The Kallikak Family
May 23rd 2007
Tell-All
May 23rd 2007 is one of those recordings that the reviewer has an unfair advantage over the average listener in terms of sussing out a meaning in a fairly oblique concept album. The press release contains one sentence, a crucial piece to the puzzle, that’s absent from the album artwork: “The record as a whole explores the meaning of specific days and locations in the life of one person, all leading up to May 23rd 2007, the date on which a fortune teller predicted the artist’s [Andre Peterson] death.” It’s fairly important information to make sense of the aural miasma Peterson and his cohorts have cobbled together to tell a story through sounds, not through lyrics.

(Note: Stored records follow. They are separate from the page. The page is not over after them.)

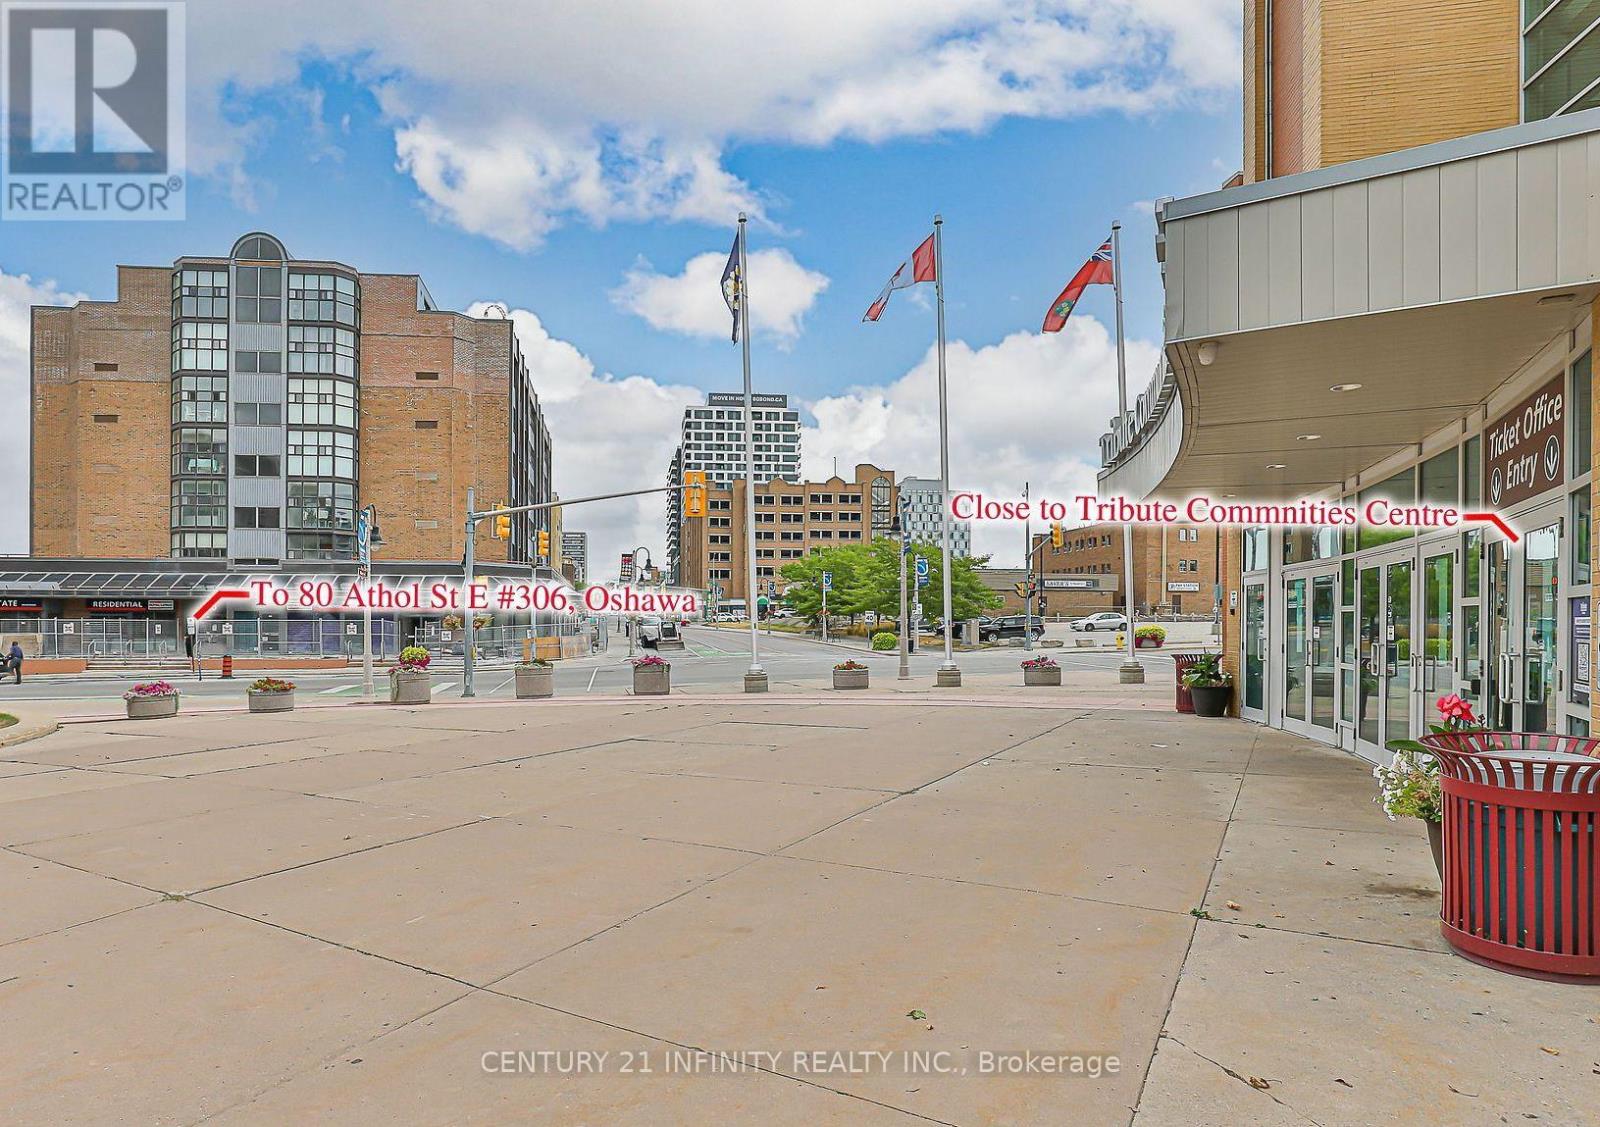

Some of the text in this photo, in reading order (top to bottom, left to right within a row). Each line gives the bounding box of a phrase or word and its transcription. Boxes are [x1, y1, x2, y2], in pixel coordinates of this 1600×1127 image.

[1490, 393, 1563, 461] Ticket Office
[1506, 452, 1539, 490] Entry
[92, 600, 143, 608] RESIDENTIAL
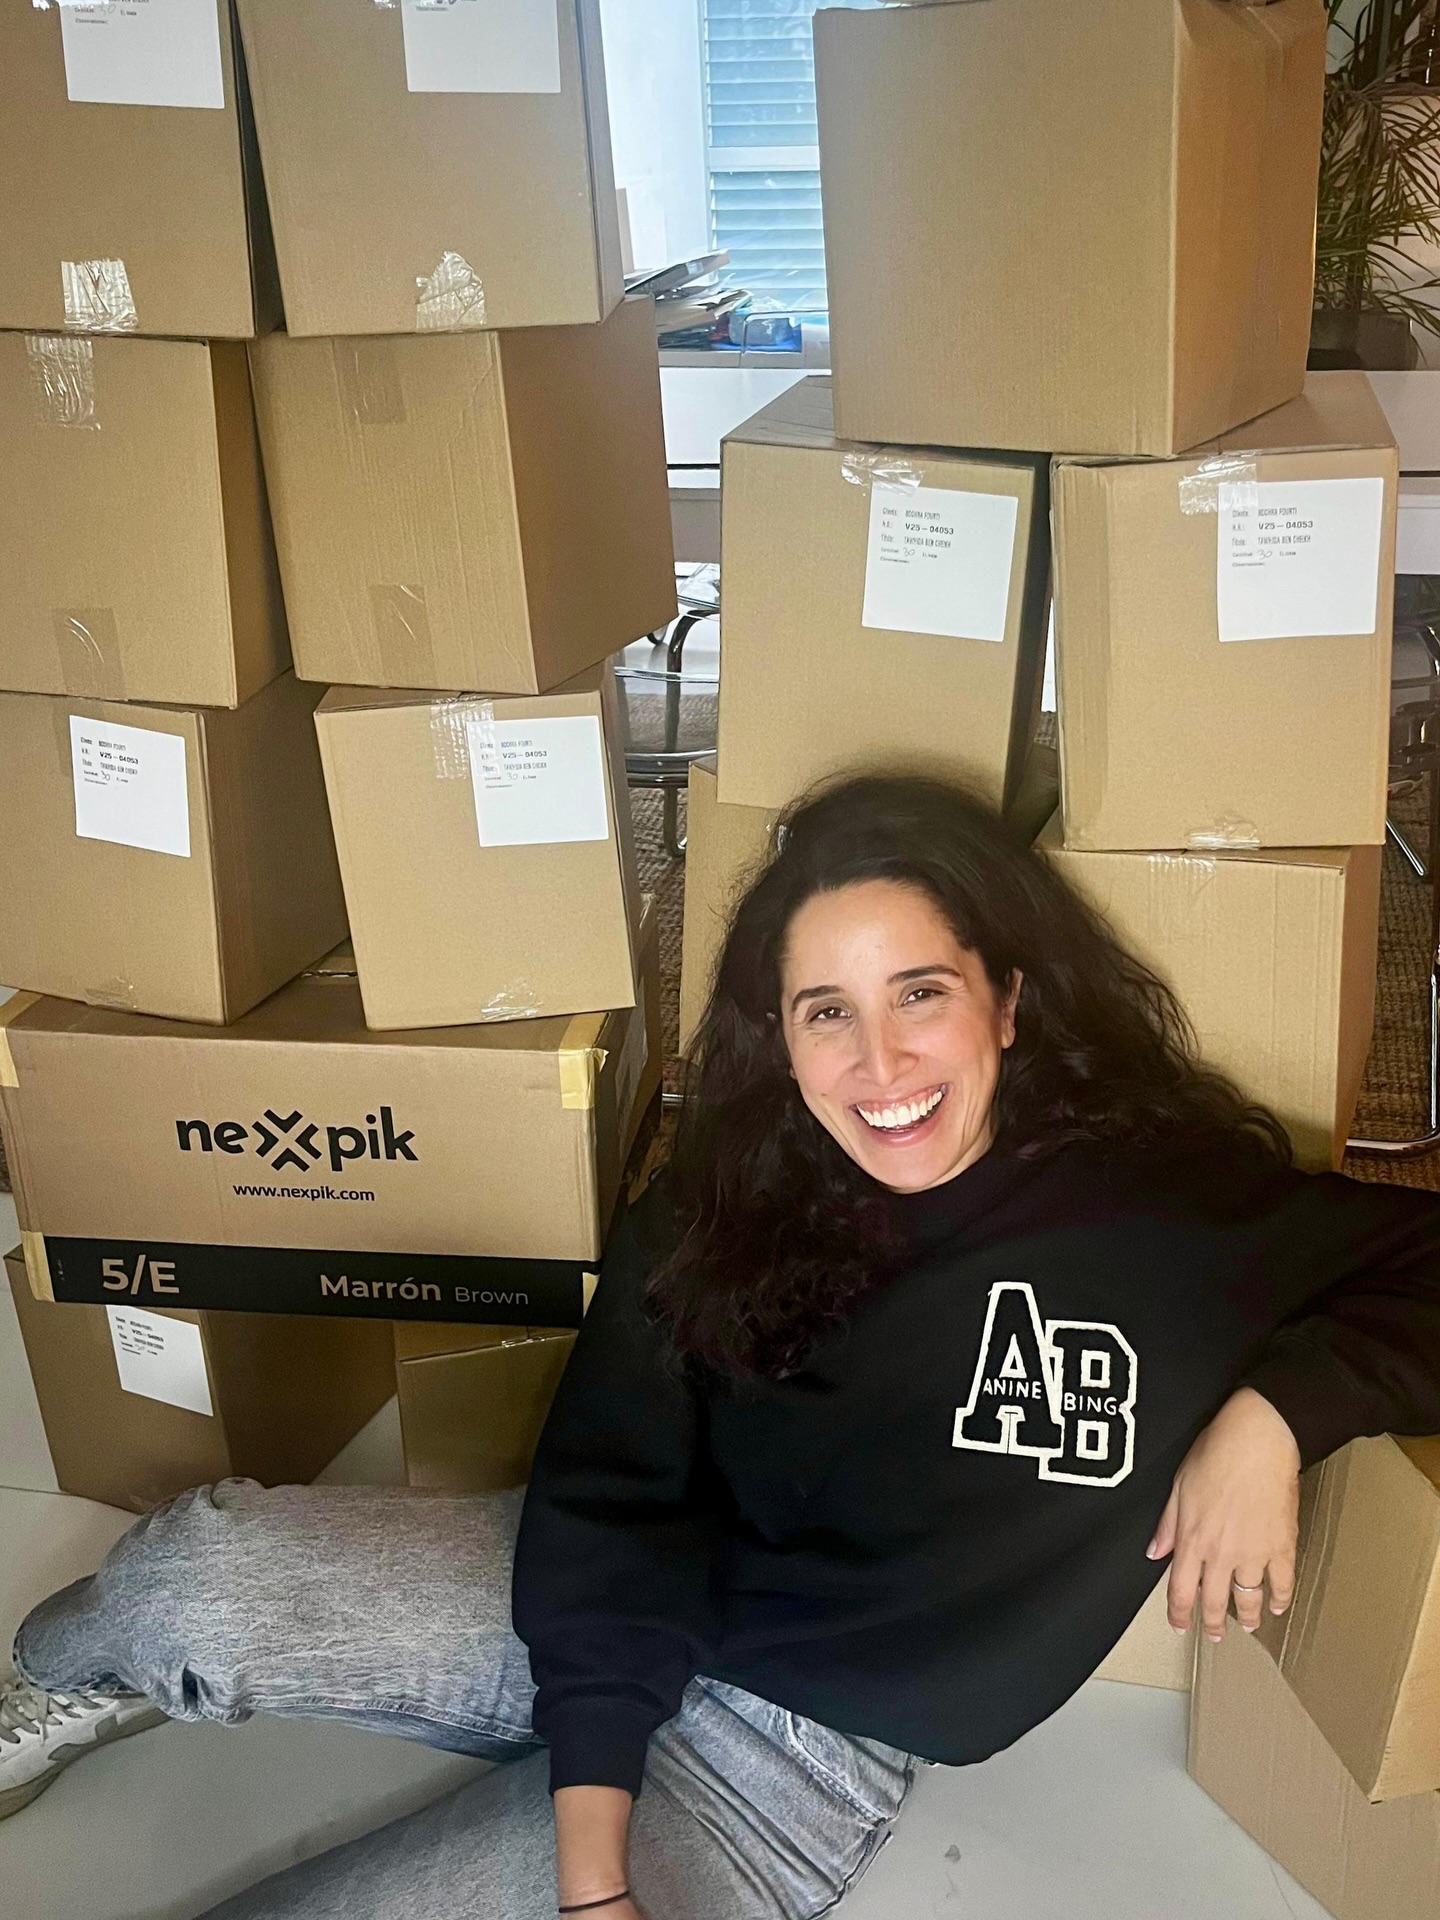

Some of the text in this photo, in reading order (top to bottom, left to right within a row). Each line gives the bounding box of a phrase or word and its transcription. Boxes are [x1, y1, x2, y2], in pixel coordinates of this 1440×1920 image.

[175, 1106, 419, 1172] nexpik
[232, 1184, 375, 1201] www.nexpik.com
[102, 1254, 180, 1295] 5/E
[320, 1274, 529, 1305] Marrón Brown
[982, 1378, 1117, 1416] ANINE BING
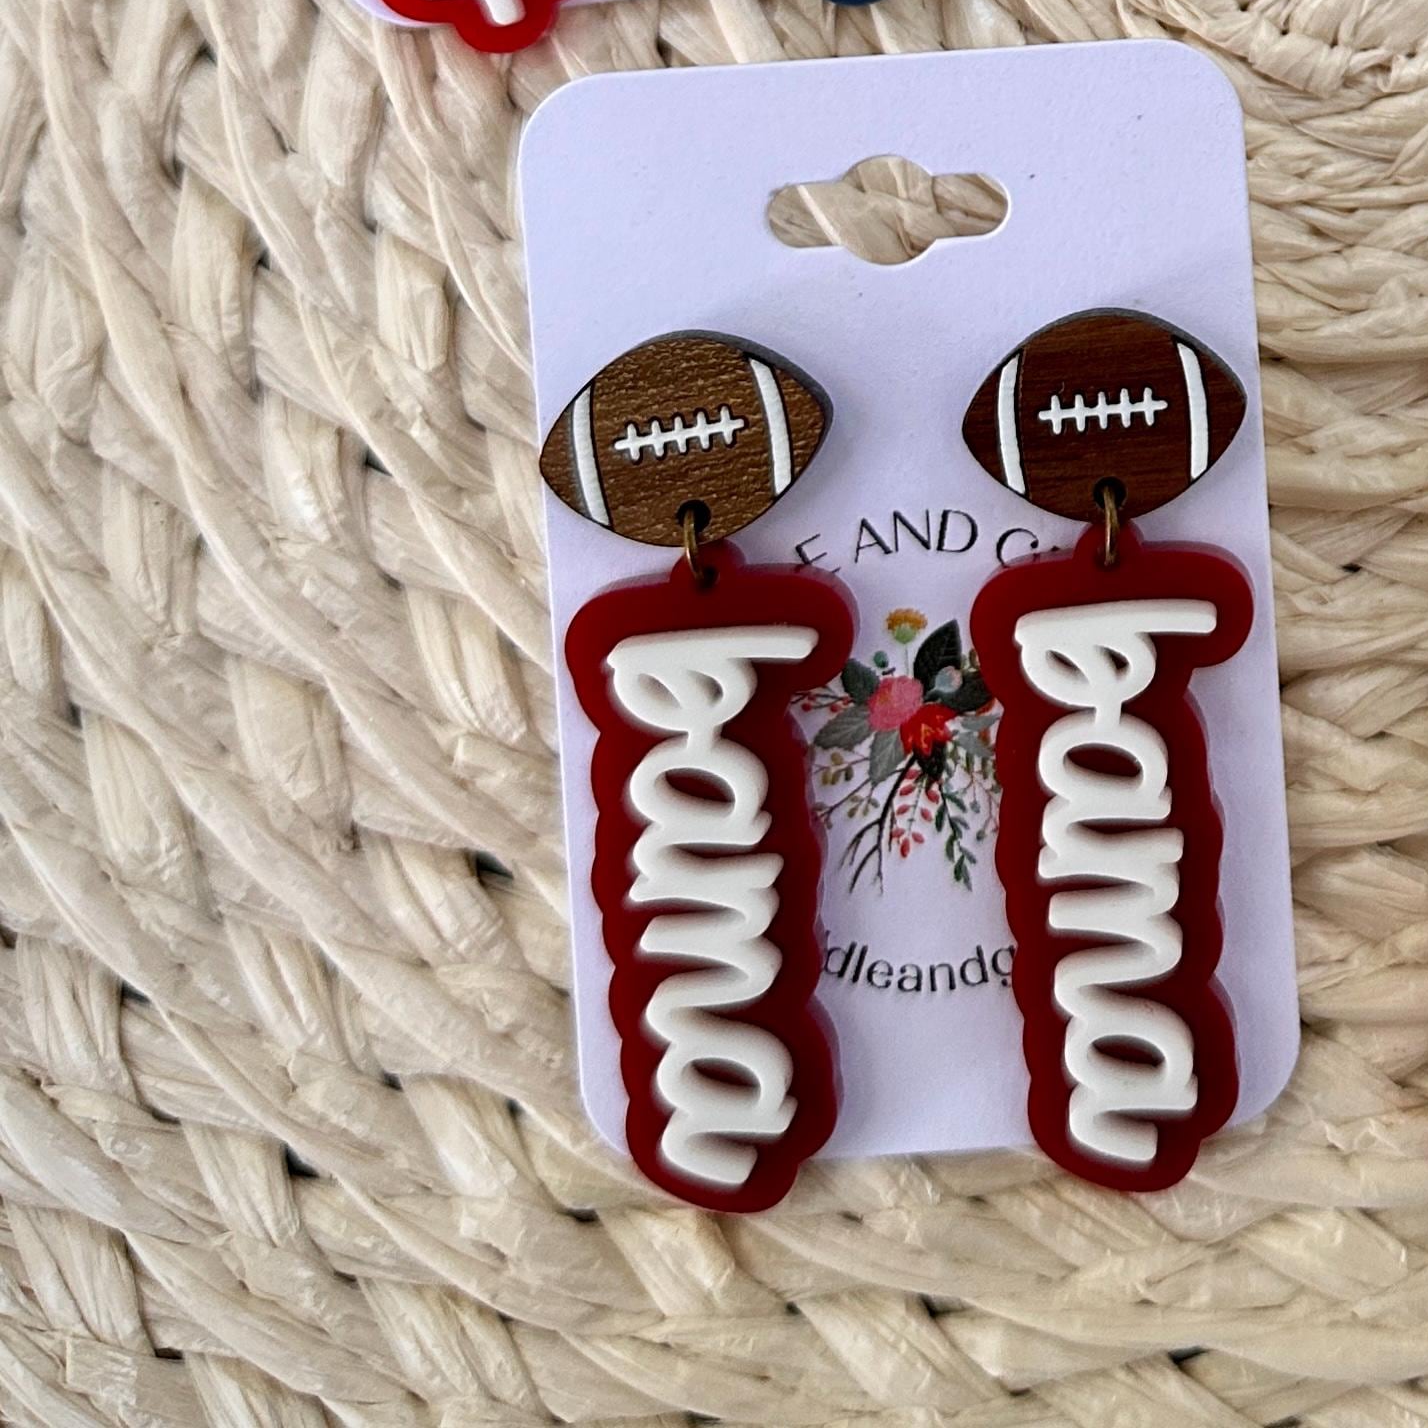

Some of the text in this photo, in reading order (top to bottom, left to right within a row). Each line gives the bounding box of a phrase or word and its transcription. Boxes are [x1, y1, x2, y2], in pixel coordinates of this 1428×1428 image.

[855, 509, 978, 563] AND
[608, 624, 817, 1186] bama
[1014, 598, 1217, 1165] bama

Even lacking knowledge of the impetus behind this project, the disc is a pleasant 40-minute stroll down psychedelic/electronic/folk pathways. The juxtaposition between the organic and inorganic from track to track, and within the songs themselves, is surprisingly not as disorienting as it would seem. Peterson’s subtlety and quiet movement from one style to the next gives the record a dream-like quality, where all the synapses are firing at once. There’s still an adherence to logic, no matter how twisted that makes the surreality of, say, hearing cut-up Indian chants spliced to boiler room clanks that eventually lead to gentle finger-plucked acoustic guitars sound perfectly natural. Even the minimal funeral dirge of the title track, the disc’s final song, doesn’t sound out of place after the cacophony that precedes it. May 23rd 2007 is a great example of how abstraction can work well to evoke a human message. It just might be in The Kallikak Family’s best interest to let all of their audience in on what that message is the next time around.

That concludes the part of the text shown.